Showing posts with label LEGO. Show all posts
Showing posts with label LEGO. Show all posts

02 July 2013

Massive LEGO Colosseum and Arch of Constantine

My mind hurts thinking about the instruction book you'd have to write for this one, but it is quite the nerdtastic feast! All hail builder Ryan McNaught, who built this for the University of Sydney using over 200,000 blocks! See more over at Gizmodo.





09 June 2012

Lego Göbekli Tepe

This brilliant model of the ancient neolithic shrine at Göbekli Tepe, Turkey is by someone named Carl. Nice work, Carl! Via Archaeosoup productions (Twitter / Facebook).

Today's battle cry: Occupy Archaeology... with LEGO!!!!!!!

29 April 2012

Lego Terracotta Army: in Chalk

A LEGO terracotta army somehow got buried in Sarasota, Florida. It was excavated in November by Dutch street artist Leon Keer.

Here's a couple 'making of' clips that explain the epic trompe l'œil. It's the latest part of the evolving mythos of mysterious giant Lego maker Ego Leonard. Check out how crazy it looks from any other angle!






11 December 2010

A Working Lego Model of the Antikythera Mechanism

Holy crap. From Small Mammal (via Boing Boing), a functional replica of the Antikythera Mechanism MADE OF LEGOS:
This is a 2000-year-old analog computing device reconstructed out of Lego. It predicts solar and lunar eclipses, accurate to within two hours — all using plastic gears. Andy Carol, its designer, builds mechanical computers out of Lego as a hobby. He made this device basically because Adam Rutherford, an editor and producer at Nature, dared him to. When Adam heard that Andy had actually built the device, he called me and said, “Well, clearly we have to make some sort of film about this thing now.”
So they did, and here it is. This makes me jump up and down and shake around with delight.

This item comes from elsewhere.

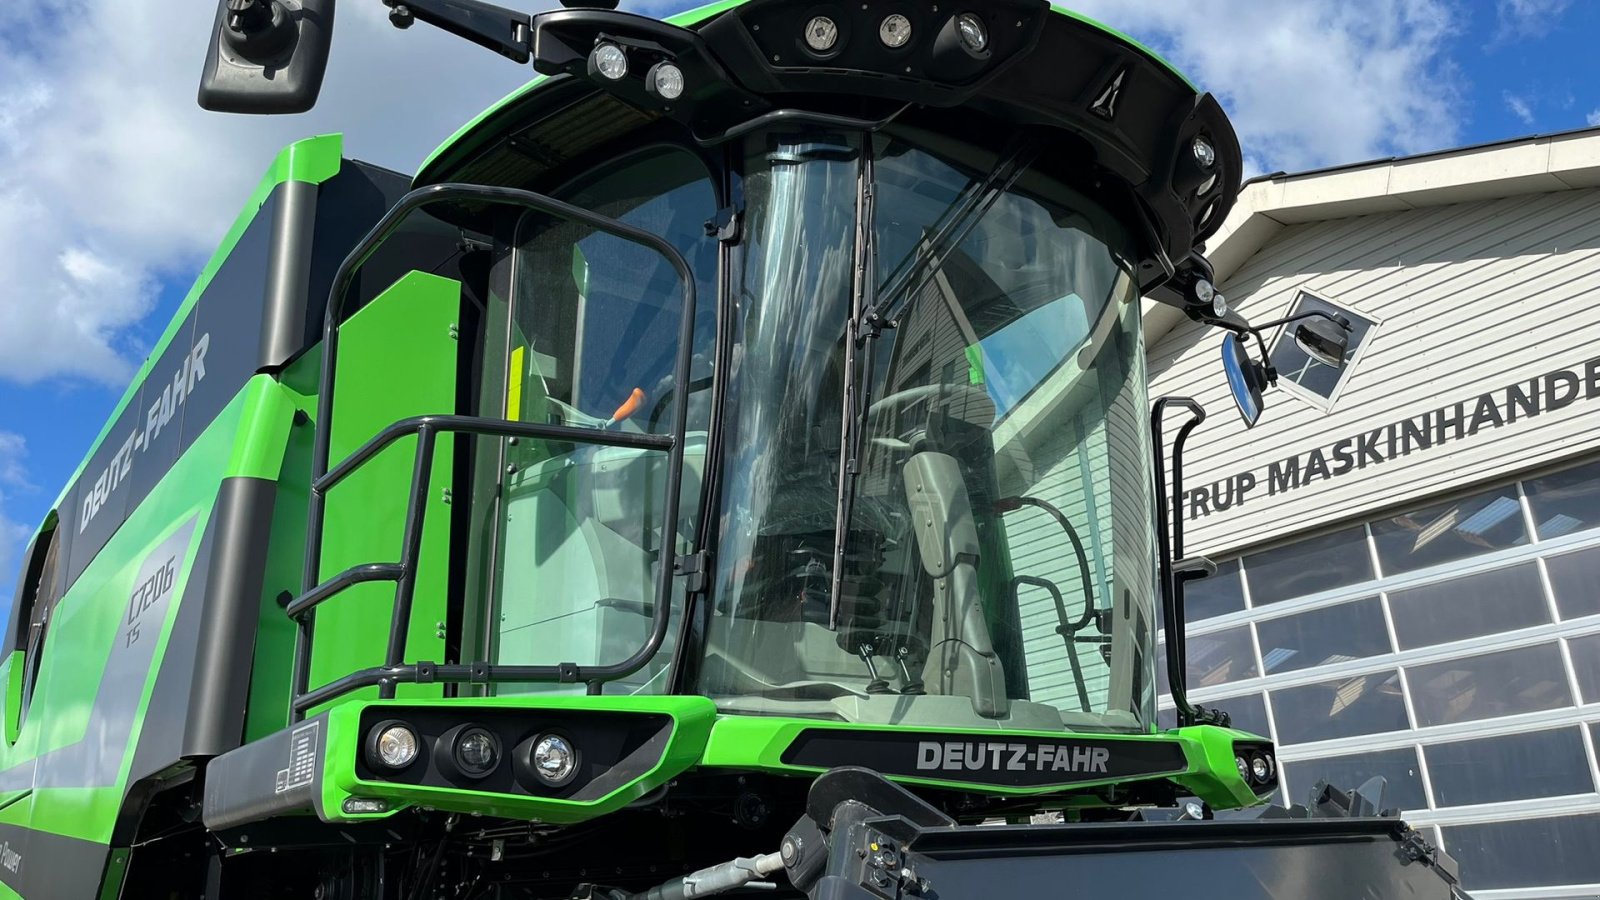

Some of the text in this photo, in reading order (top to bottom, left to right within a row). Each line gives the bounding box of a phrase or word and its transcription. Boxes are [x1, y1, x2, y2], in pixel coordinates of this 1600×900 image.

The Antikythera Mechanism in Lego from Small Mammal on Vimeo.

Andy Carol also made a working model of Charles Babbage's Difference Engine, probably the most complex analog computer since the Antikythera Mechanism! Of course, the real thing looks totally different (by which I mean ugly):























The story of the device itself is amazing - discovered in a shipwreck by sponge divers in 1901, it remained a more or less a mystery for decades. Everyone knew it was a sophisticated machine but the thing was in such bad shape that no one could do much with it. (Besides speculate about the influence of ancient astronauts, as the "History" channel is wont to do.) The advent of high-tech x-ray scanners, however, unlocked the device's mysteries, as this video from Nature reports:


I think Michael Wright's model of the device gives a great sense of how the device actually looked and functioned:



I have to put in a plug here for my pet project, "archaeological optimism". Most of the news coverage of the device portrays it something out of time. Like this headline from an io9 story on the device: "Advanced imaging reveals a computer 1,500 years ahead of its time". Bullshit! It was exactly appropriate for its time because that was the time when it was made. Greek scientists had the capacity to create complex mechanical calculators, and did. No need to drag them out of their place.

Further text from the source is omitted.